Figure 24-234 ADCPPB3CONFIG2 Register

15	14	13	12	11	10	9	8
COMPSEL		RESERVED	OSINTSEL	SWSYNC	RESERVED	SYNCINSEL
R/W-0h		R-0h	R/W-0h	R-0/W1S-0h	R-0h	R/W-0h

7	6	5	4	3	2	1	0
SYNCINSEL				SHIFT
R/W-0h				R/W-0h

Table 24-212 ADCPPB3CONFIG2 Register Field Descriptions

Bit	Field	Type	Reset	Description
15-14	COMPSEL	R/W	0h	Post Processing Block 3 Compare Source Select.

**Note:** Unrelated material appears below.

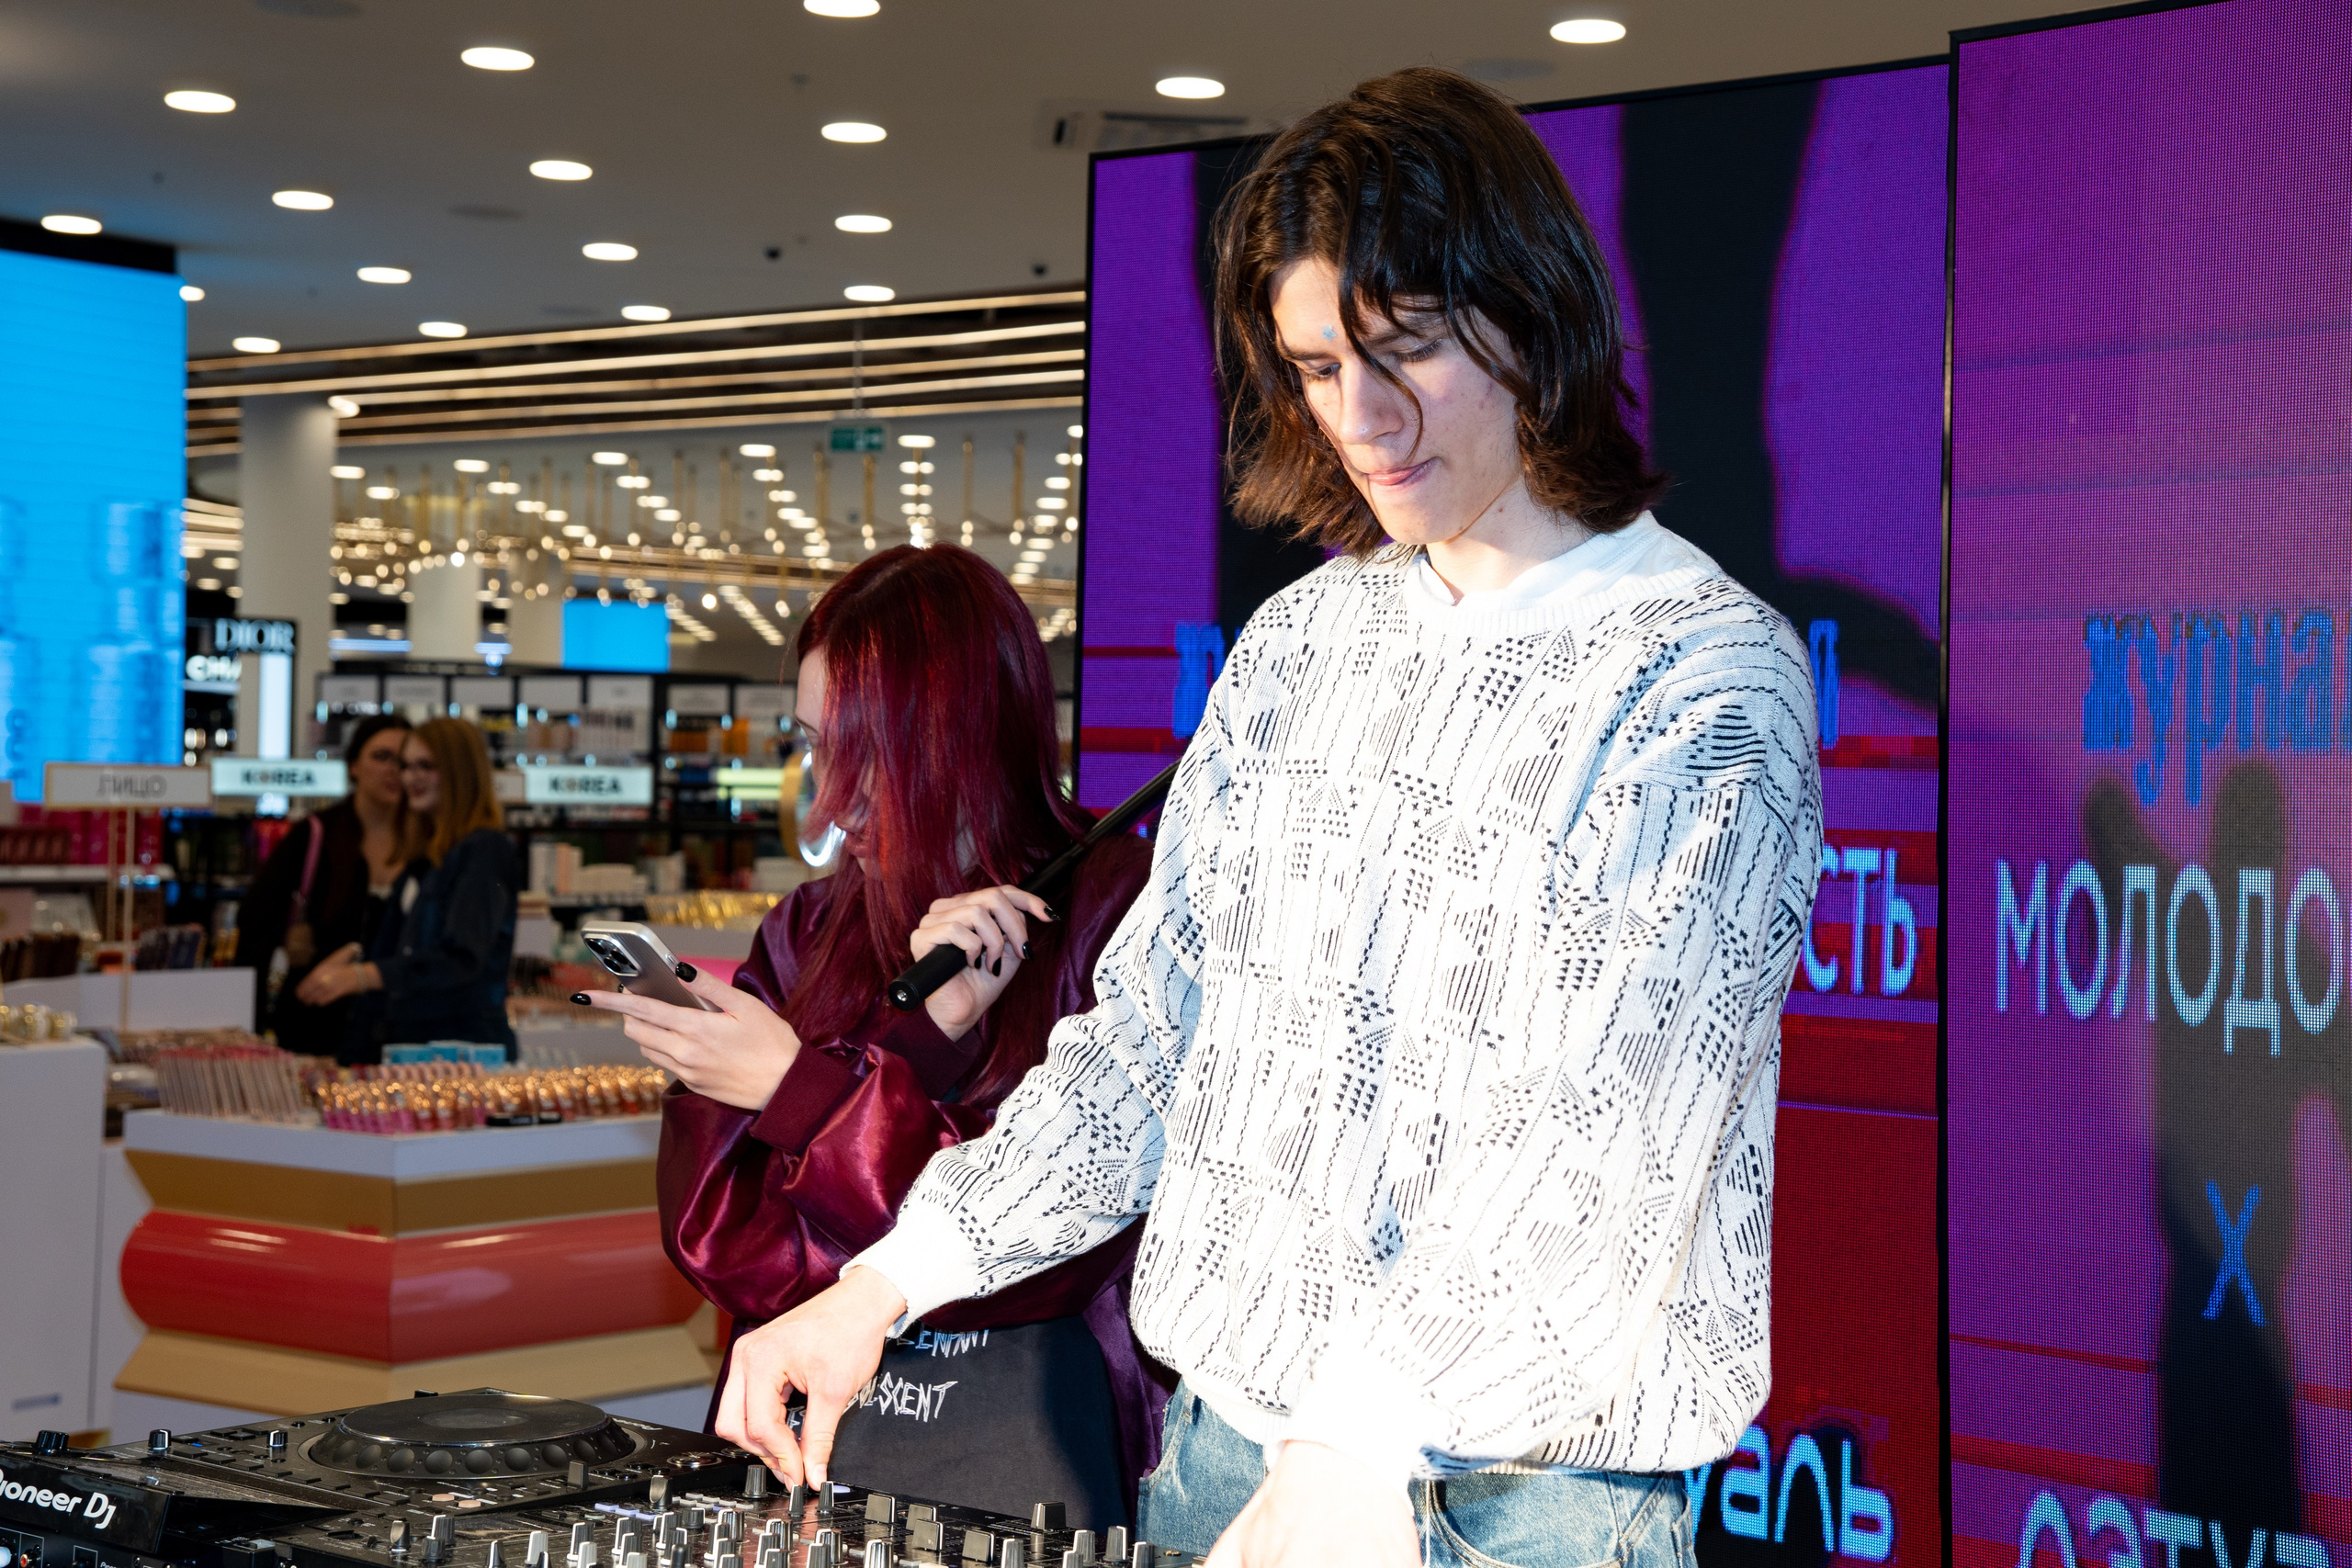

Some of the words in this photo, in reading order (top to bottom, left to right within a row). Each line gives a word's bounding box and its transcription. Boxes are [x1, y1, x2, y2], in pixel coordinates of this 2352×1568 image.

This field determines whether ADCPPB3RESULT, ADCPPB3PSUM, or ADCPPB3SUM is used for the zero-crossing detect logic and threshold compare. 00 = ADCPPB3RESULT is used for compare logic 01 = ADCPPB3PSUM is used for compare logic 10 = ADCPPB3SUM is used for compare logic 11 = Reserved Note: when ADCPPB3PSUM is selected as the compare source and when a LIMIT match occurs (ADCPPB3LIMIT equals ADCPPB3COUNT) the ADCPPB3PSUM register will be cleared and the final sum will be loaded into ADCPPB3SUM. For this sample, the final sum, ADCPPB3SUM will be used for the compariosn instead of ADCPPB3PSUM. Reset type: SYSRSn
13	RESERVED	R	0h	Reserved
12	OSINTSEL	R/W	0h	Post Processing Block 3 Interrupt Source Select. OSINT3 can be used to trigger an ADC interrupt (ADCINT1 through ADCINT4) via selection in the ADCINT1N2 or ADCINT3N4. This selection determines if a sync. event can trigger OSINT3 in addition to a PCOUNT = LIMIT event. 0 = OSINT3 will be generated from PCOUNT = LIMIT only 1 = OSTIN3 will be generated form PCOUNT = LIMIT or a sync. event. Note: If a SYNC event would cause an OSINT one cycle after OSINT would have been cause by PCOUNT = LIMIT match, then the second OSINT is ignored. Reset type: SYSRSn
11	SWSYNC	R-0/W1S	0h	PPB 3 software force sync. On a sync. event, all partial registers transfer to the final registers and are then reset. Note: In the case where the software force occurs at the same time that a new sample is added to the PSUM and the PSUM is being used for a high or low limit compare, then the comparison will not occur. Reset type: SYSRSn
10	RESERVED	R	0h	Reserved
9-4	SYNCINSEL	R/W	0h	PPB 3 sync. input select. On a sync. event, all partial registers transfer to the final registers and are then reset. Refer to SOC spec for details Reset type: SYSRSn
3-0	SHIFT	R/W	0h	Post Processing Block 3 right shift. Defines the number of bits to right shift PSUM before loading into the final SUM. 0 : no right shift 1 : SUM = PSUM >> 1 2 : SUM = PSUM >> 2 ... 10 : SUM = PSUM >> 10 11 - 15 : Reserved Reset type: SYSRSn

24.16.3.132 ADCPPB3PSUM Register (Offset = 248h) [Reset = 00000000h]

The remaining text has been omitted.